**TASK**
Copy every entry exactly as it stands, though any image it holds should stay out of the copy.

Saved data entries
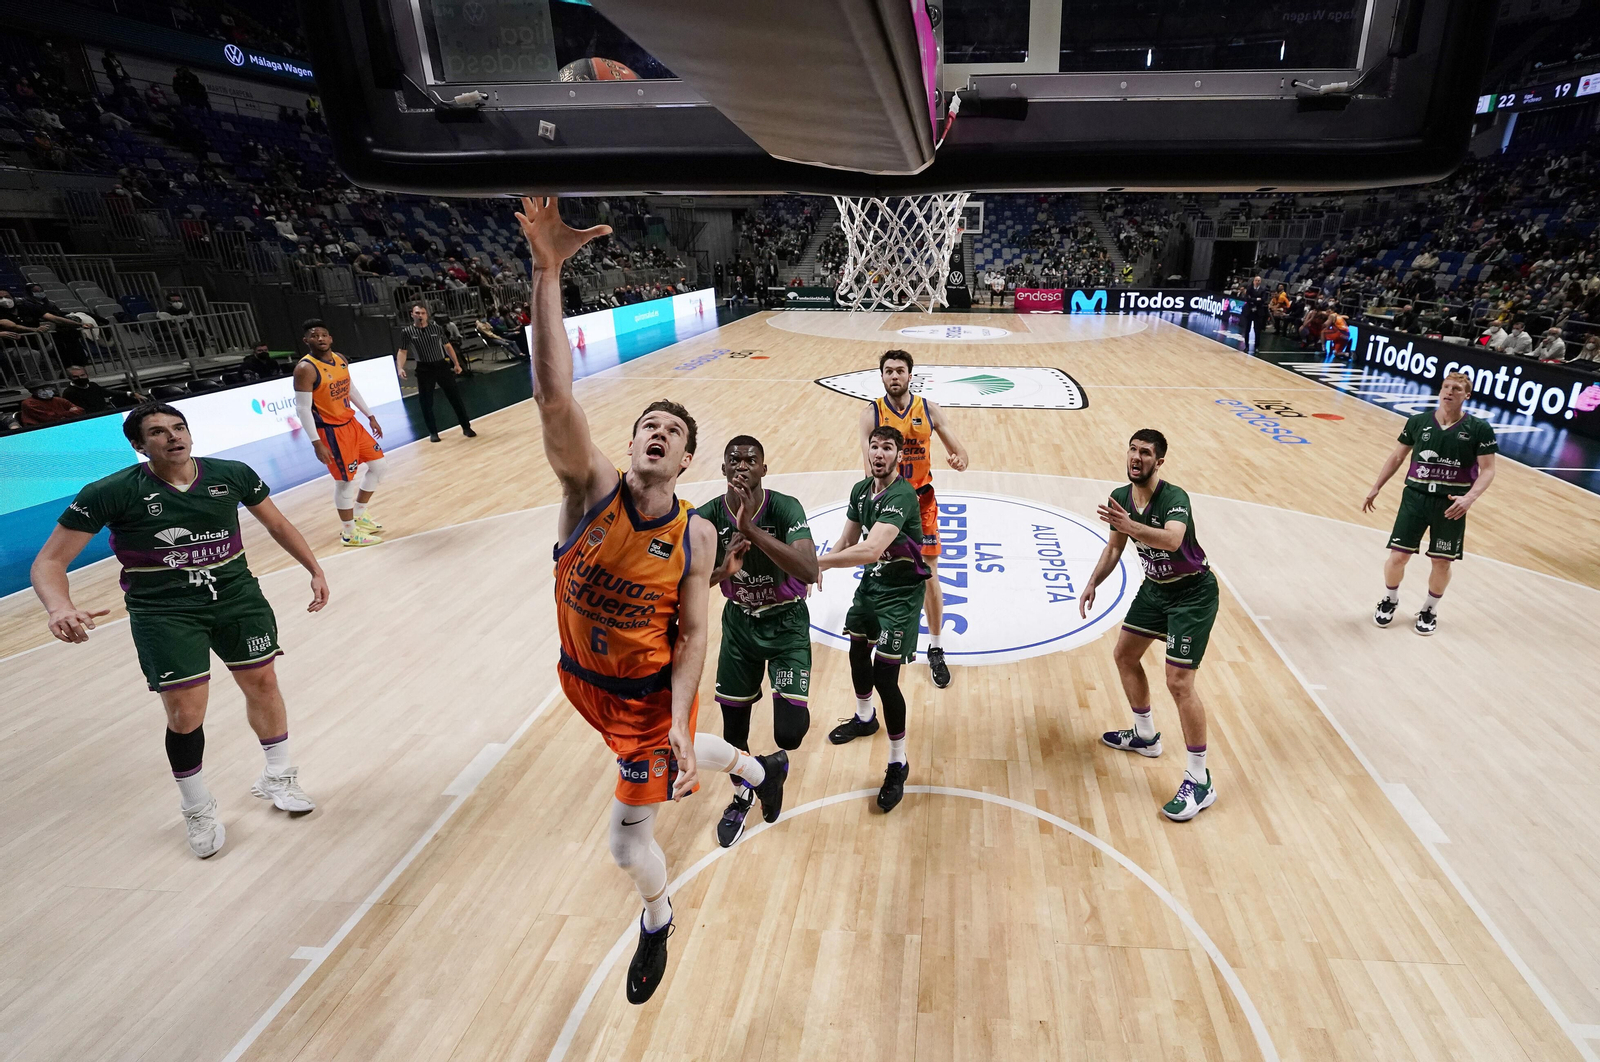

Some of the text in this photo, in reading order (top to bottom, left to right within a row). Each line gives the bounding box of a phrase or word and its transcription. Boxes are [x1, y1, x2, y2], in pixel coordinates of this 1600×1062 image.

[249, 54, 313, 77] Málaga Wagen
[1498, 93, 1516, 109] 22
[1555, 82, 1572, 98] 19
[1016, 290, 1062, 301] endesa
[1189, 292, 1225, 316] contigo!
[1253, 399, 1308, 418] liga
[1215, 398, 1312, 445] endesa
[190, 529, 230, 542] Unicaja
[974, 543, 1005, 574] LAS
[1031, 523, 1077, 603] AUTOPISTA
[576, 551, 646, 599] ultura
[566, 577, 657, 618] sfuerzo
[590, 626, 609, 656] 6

**ANSWER SPACE**
Some of the text in this photo, in reading order (top to bottom, left to right within a row). Each line gives the bounding box of a phrase or word and its transcription. Boxes are [x1, y1, x2, y2], in pixel coordinates of this 1600×1062 image.

[249, 54, 313, 77] Málaga Wagen
[1498, 93, 1516, 109] 22
[1555, 82, 1572, 98] 19
[1016, 290, 1062, 301] endesa
[1189, 292, 1225, 316] contigo!
[1253, 399, 1308, 418] liga
[1215, 398, 1312, 445] endesa
[190, 529, 230, 542] Unicaja
[974, 543, 1005, 574] LAS
[1031, 523, 1077, 603] AUTOPISTA
[576, 551, 646, 599] ultura
[566, 577, 657, 618] sfuerzo
[590, 626, 609, 656] 6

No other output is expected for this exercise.